_Work to complete_.
Your copy should match the listing below word for word, with no images in it.

· · · · ·

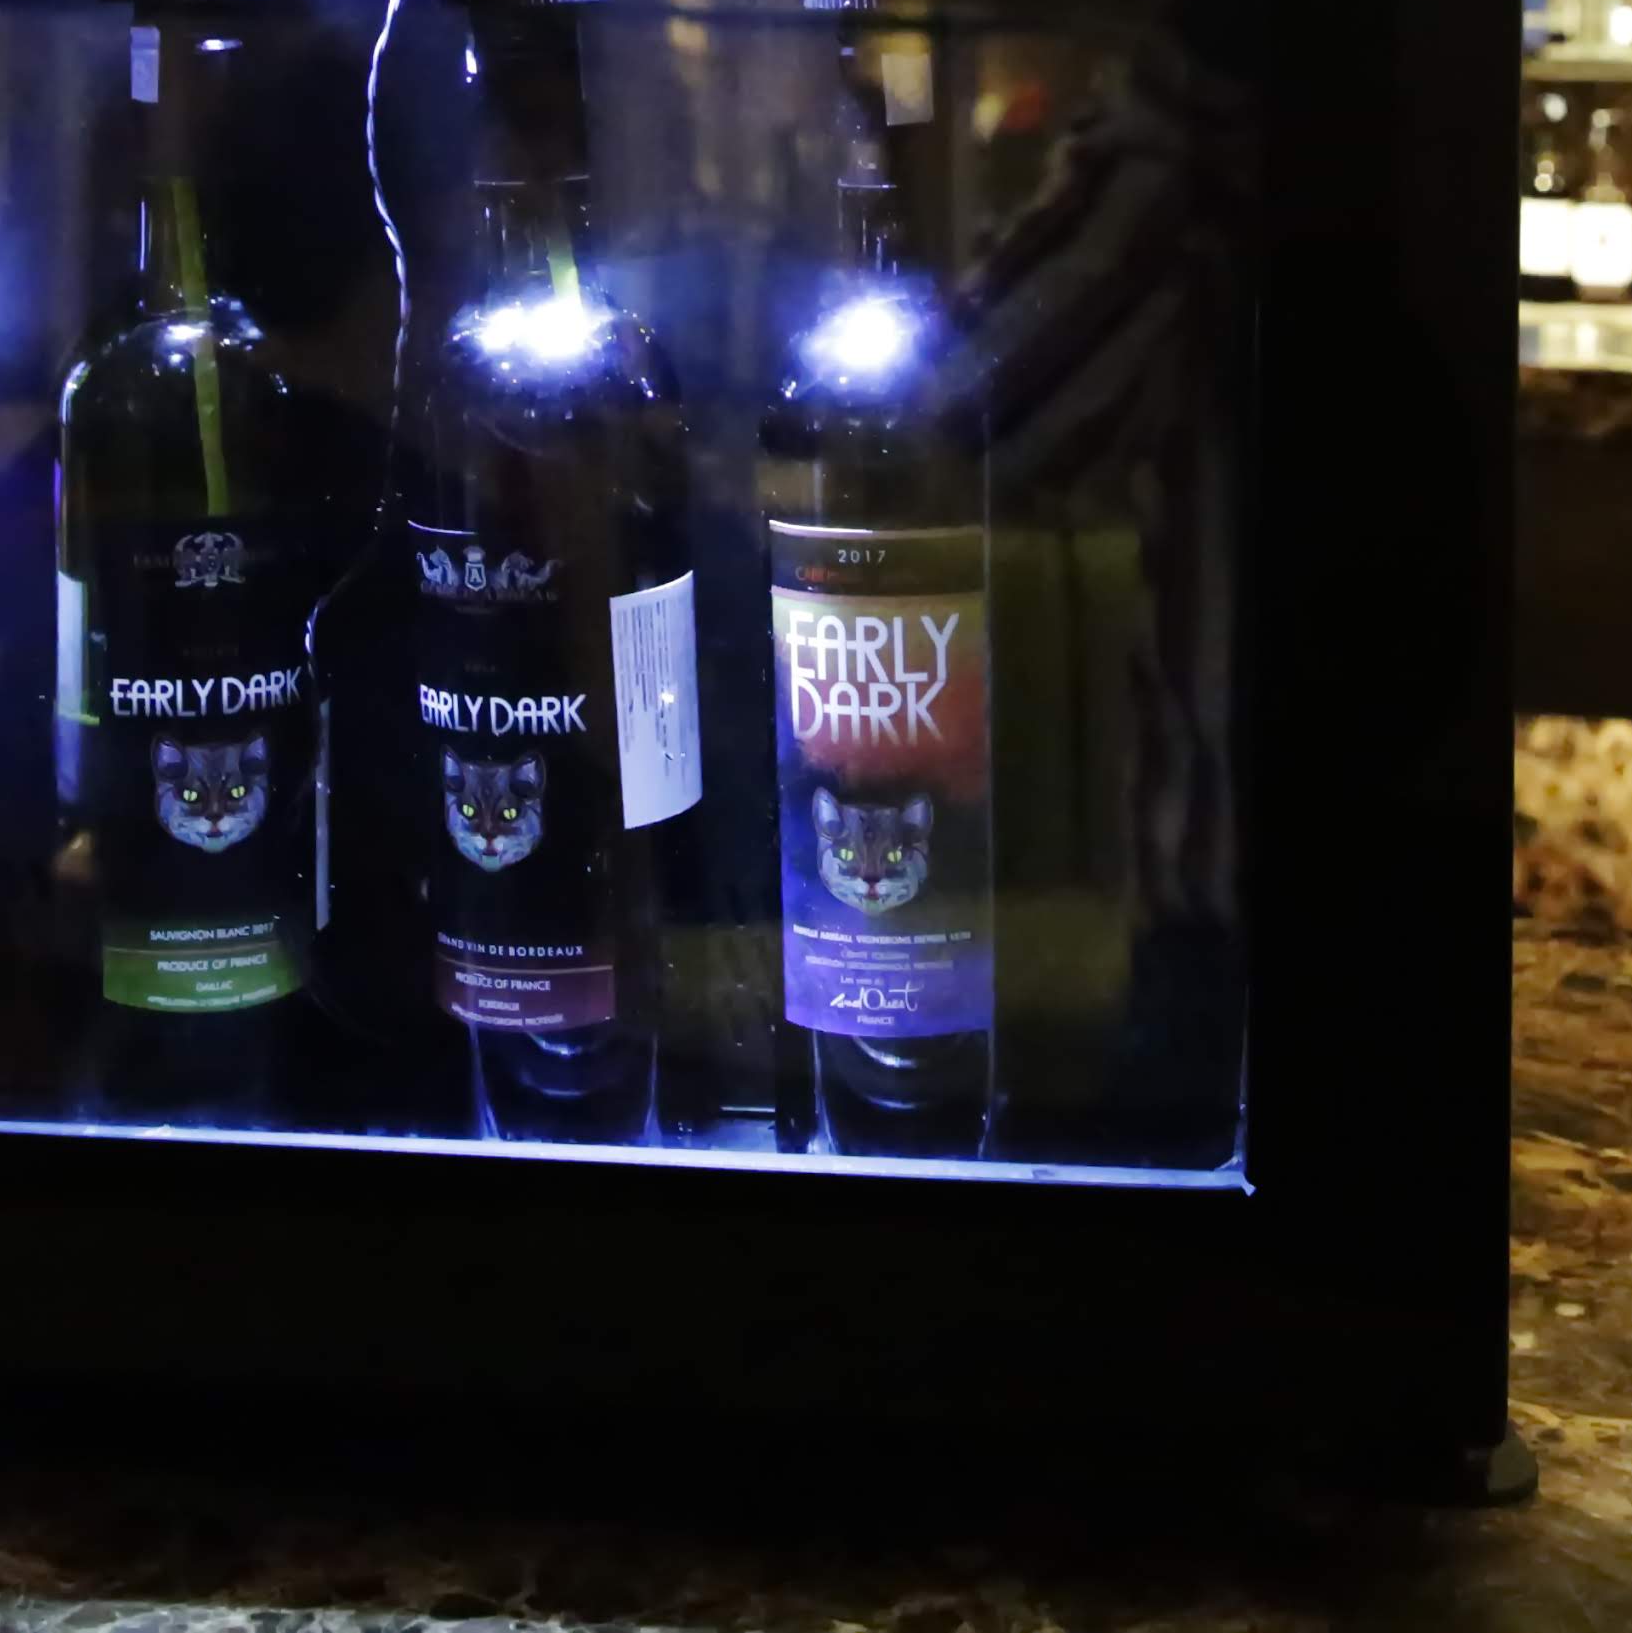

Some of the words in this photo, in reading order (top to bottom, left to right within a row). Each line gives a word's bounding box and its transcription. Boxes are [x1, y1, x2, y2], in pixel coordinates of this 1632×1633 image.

[838, 549, 886, 564] 2017
[785, 610, 959, 684] EARLY
[109, 677, 215, 718] EARLY
[220, 666, 302, 715] DARK
[419, 683, 484, 733] EARLY
[488, 693, 587, 736] DARK
[791, 674, 945, 748] DARK
[150, 929, 215, 942] SAUVIGNON
[216, 925, 250, 939] BLANC
[467, 942, 486, 954] VIN
[488, 945, 505, 956] DE
[508, 945, 584, 957] BORDEAUX
[157, 959, 208, 973] PRODUCE
[212, 958, 227, 970] OF
[229, 953, 268, 968] FRANCE
[494, 979, 509, 990] OF
[510, 980, 551, 992] FRANCE
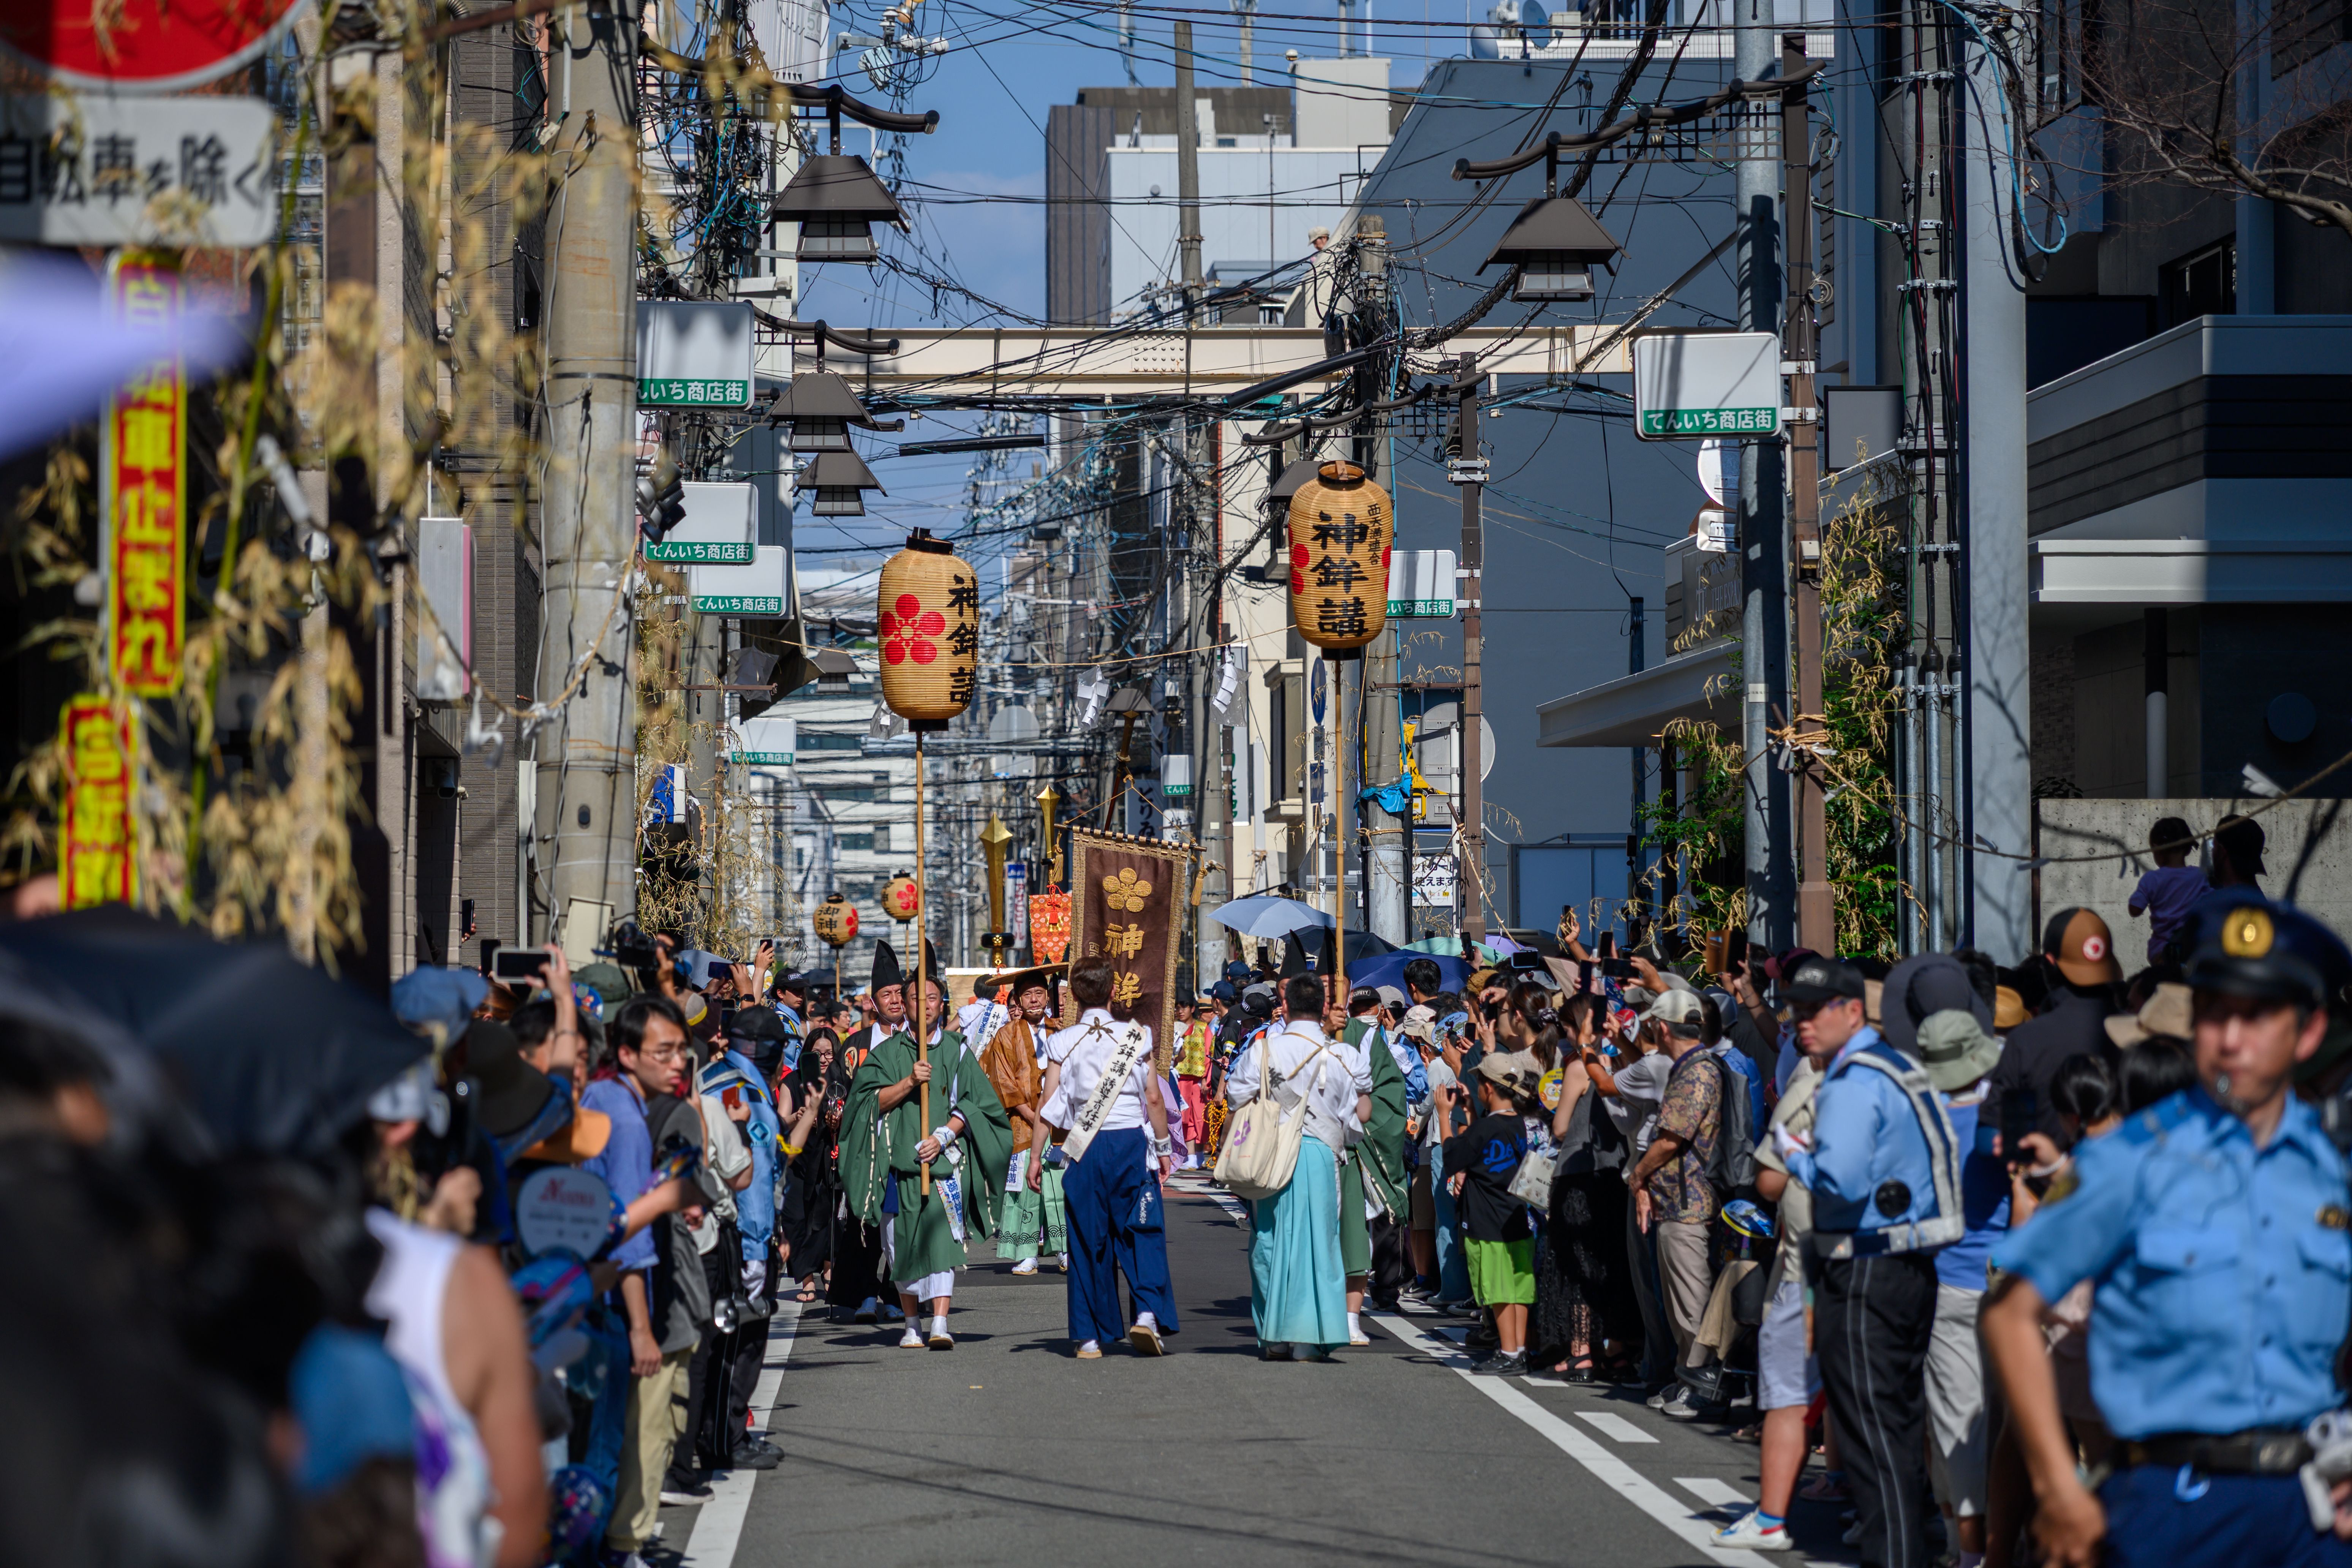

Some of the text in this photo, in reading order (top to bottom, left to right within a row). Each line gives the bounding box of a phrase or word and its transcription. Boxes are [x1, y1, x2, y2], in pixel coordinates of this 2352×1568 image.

[1647, 410, 1772, 430] てんいち商店街
[649, 543, 750, 560] てんいち商店街
[693, 596, 779, 611] てんいち商店街
[733, 752, 791, 763] てんいち商店街
[1165, 786, 1193, 794] てんいち
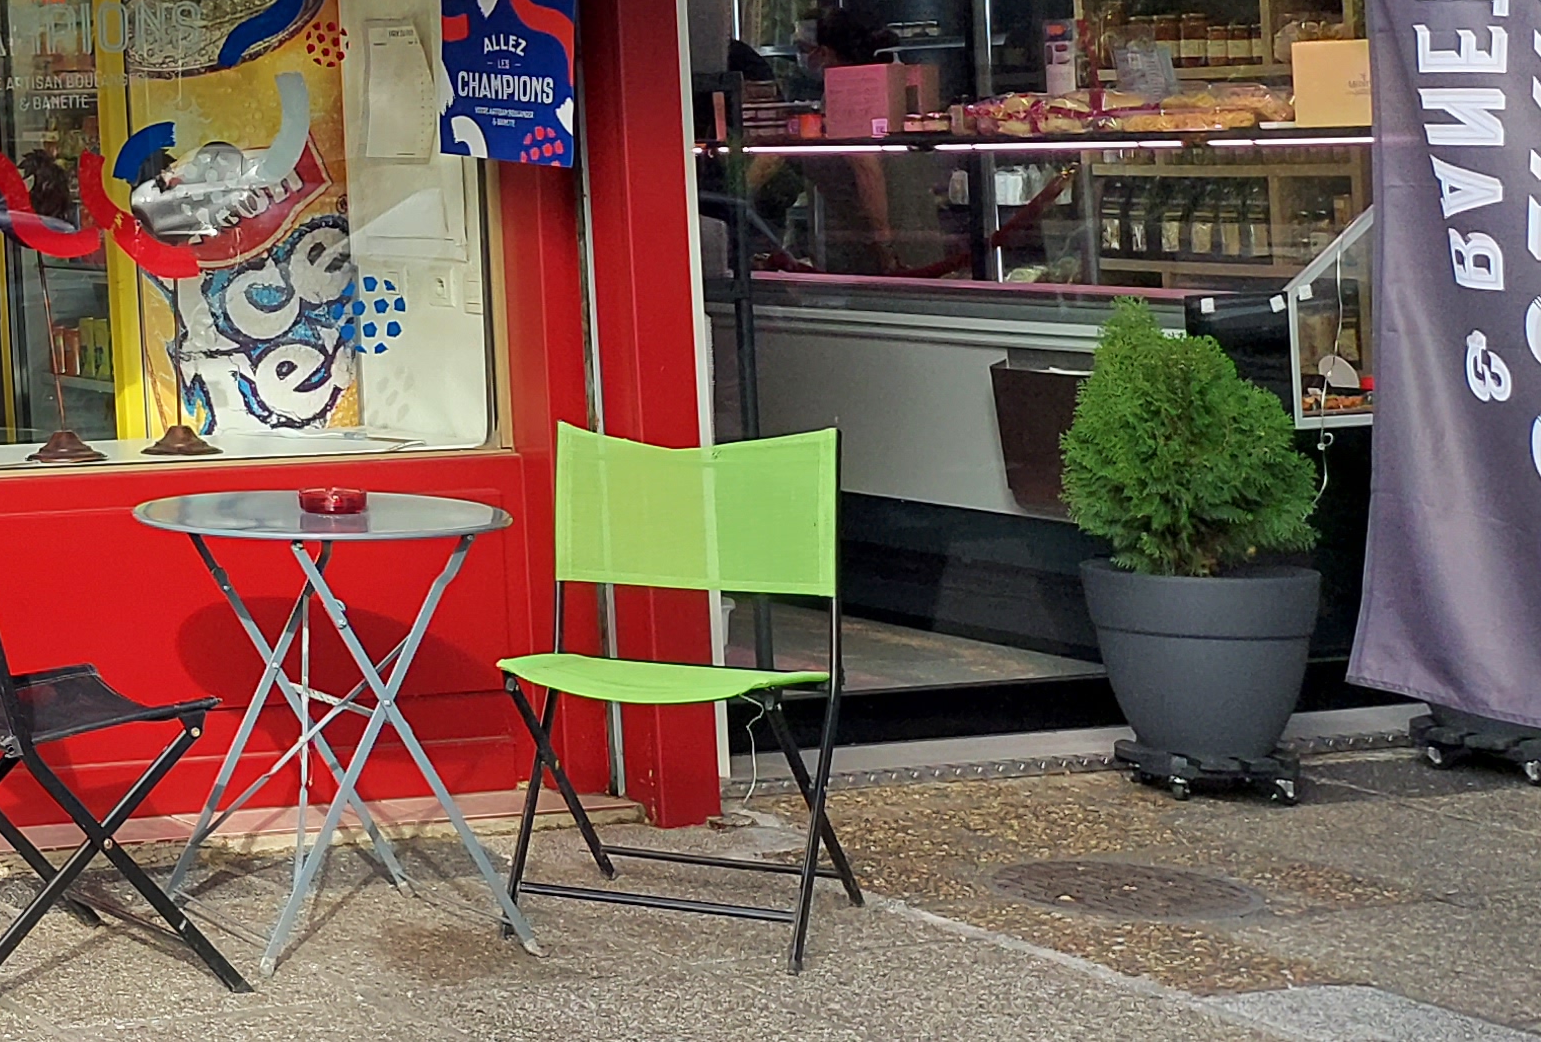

· · · · ·

_Completed task_.
Some of the words in this photo, in reading order (top to bottom, left to right within a row). Each line gives a word's bounding box and its transcription. Boxes are [x1, y1, x2, y2], in pixel coordinates of this 1632×1633 image.

[838, 549, 886, 564] 2017
[785, 610, 959, 684] EARLY
[109, 677, 215, 718] EARLY
[220, 666, 302, 715] DARK
[419, 683, 484, 733] EARLY
[488, 693, 587, 736] DARK
[791, 674, 945, 748] DARK
[150, 929, 215, 942] SAUVIGNON
[216, 925, 250, 939] BLANC
[467, 942, 486, 954] VIN
[488, 945, 505, 956] DE
[508, 945, 584, 957] BORDEAUX
[157, 959, 208, 973] PRODUCE
[212, 958, 227, 970] OF
[229, 953, 268, 968] FRANCE
[494, 979, 509, 990] OF
[510, 980, 551, 992] FRANCE

Some of the text in this photo, in reading order (top to bottom, left to right within a row). Each line gives the bounding box of a phrase or word and its transcription. Boxes are [x1, y1, x2, y2], in pixel coordinates of this 2352×1568 image.

[1647, 410, 1772, 430] てんいち商店街
[649, 543, 750, 560] てんいち商店街
[693, 596, 779, 611] てんいち商店街
[733, 752, 791, 763] てんいち商店街
[1165, 786, 1193, 794] てんいち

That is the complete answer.